(Data excerpts)
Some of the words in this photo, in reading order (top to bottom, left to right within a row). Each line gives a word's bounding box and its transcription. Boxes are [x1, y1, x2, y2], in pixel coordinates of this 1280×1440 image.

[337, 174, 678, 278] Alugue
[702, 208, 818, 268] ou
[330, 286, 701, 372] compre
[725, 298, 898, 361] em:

■ Task item:
Above are the records; retype every one exactly.

■ Result of the task:
Some of the words in this photo, in reading order (top to bottom, left to right within a row). Each line gives a word's bounding box and its transcription. Boxes are [x1, y1, x2, y2], in pixel coordinates of this 1280×1440 image.

[337, 174, 678, 278] Alugue
[702, 208, 818, 268] ou
[330, 286, 701, 372] compre
[725, 298, 898, 361] em:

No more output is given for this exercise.